Fulcrum Digital is Hiring a Sr System Reliability Engineer (Application Support) Near Saint Louis, MO
Job Description Who are we Fulcrum Digital is an agile and next-generation digital accelerating company providing digital transformation and technology services right from ideation to implementation. These services have applicability across a variety of industries, including banking & financial services, insurance, retail, higher education, food, health care, and manufacturing. The Role
Provide L2 support to production system like application, database, middleware components, infrastructure and network components
Manage productions incidents end-to-end within defined SLAs with focus on resolution rather than who caused it.

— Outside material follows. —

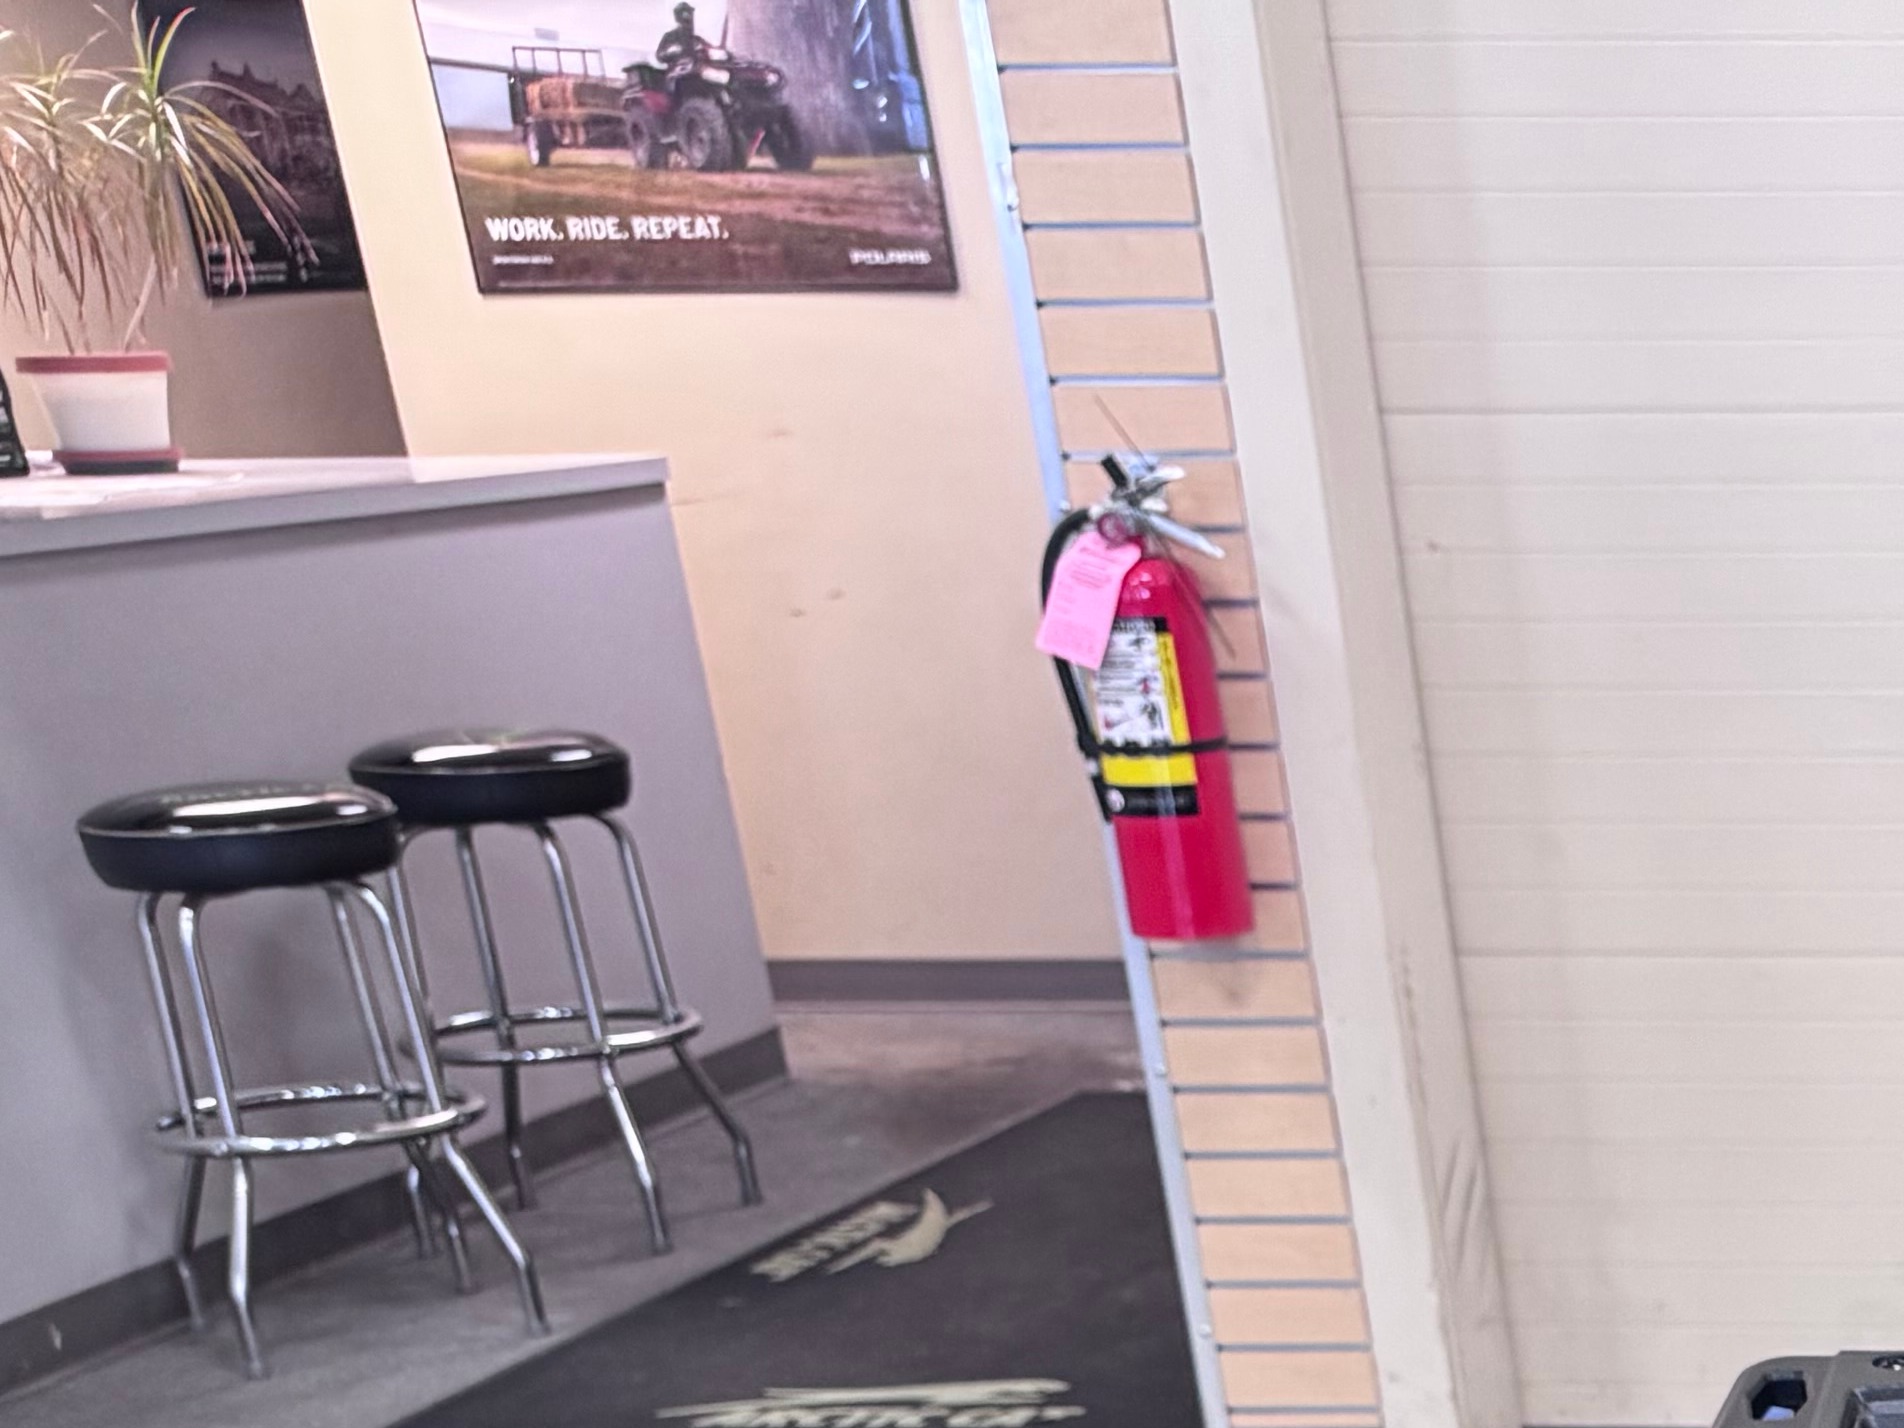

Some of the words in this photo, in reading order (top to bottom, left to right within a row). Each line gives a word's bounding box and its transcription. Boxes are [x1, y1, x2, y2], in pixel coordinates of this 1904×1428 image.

[484, 216, 564, 242] WORK.
[565, 216, 629, 242] RIDE.
[630, 215, 730, 242] REPEAT.

Interact with various stake holders such as Release managers, program leads, service managers, development and test leads
Review operational readiness requirements such as monitoring and alerting, log rotation and resilience of the components and report the gaps
Provide pre-implementation support with activities such as release notes review and implementation dry runs.
Protect production components by running health checks, monitoring latency and memory utilization.

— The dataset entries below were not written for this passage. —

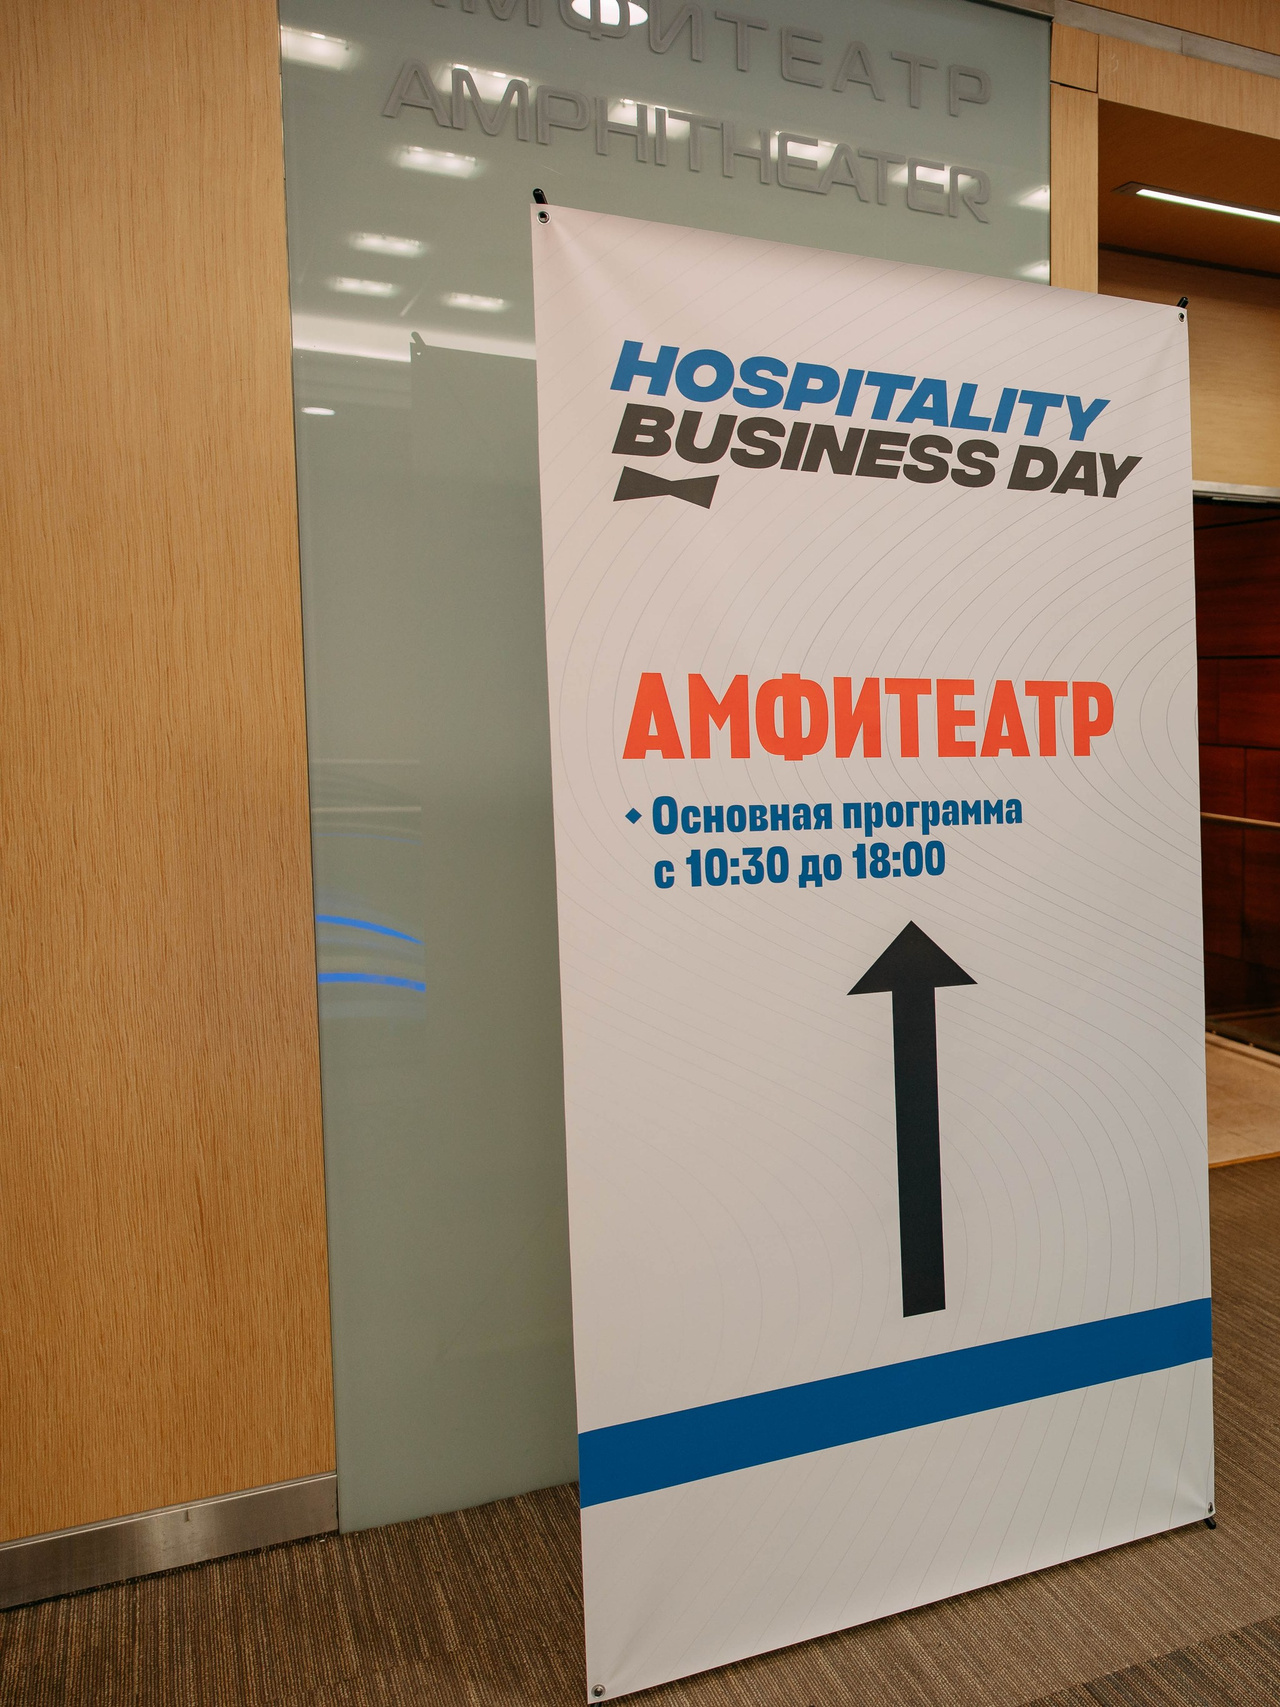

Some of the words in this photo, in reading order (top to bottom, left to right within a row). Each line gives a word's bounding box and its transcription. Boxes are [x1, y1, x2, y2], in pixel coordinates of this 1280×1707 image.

[382, 59, 990, 224] AMPHITHEATER
[610, 340, 1111, 441] HOSPITALITY
[611, 402, 999, 488] BUSINESS
[1007, 444, 1143, 498] DAY
[622, 672, 1114, 761] АМФИТЕАТР
[652, 796, 832, 835] Основная
[843, 797, 1023, 837] программа
[654, 859, 675, 889] с
[686, 846, 789, 887] 10:30
[798, 851, 842, 889] до
[853, 840, 946, 880] 18:00

Automate day-to day activities and propose changes that improve reliability
Participate in CAB and provide feedback on change requests
Support the DevOps team in testing the promote pipelines and suggest automation of configuration items.
Practice incident management best practices and perform RCA.
Participate in disaster recovery tests and operational acceptance tests
Analyze the technology stack that makes up the product and optimize recovery time objective.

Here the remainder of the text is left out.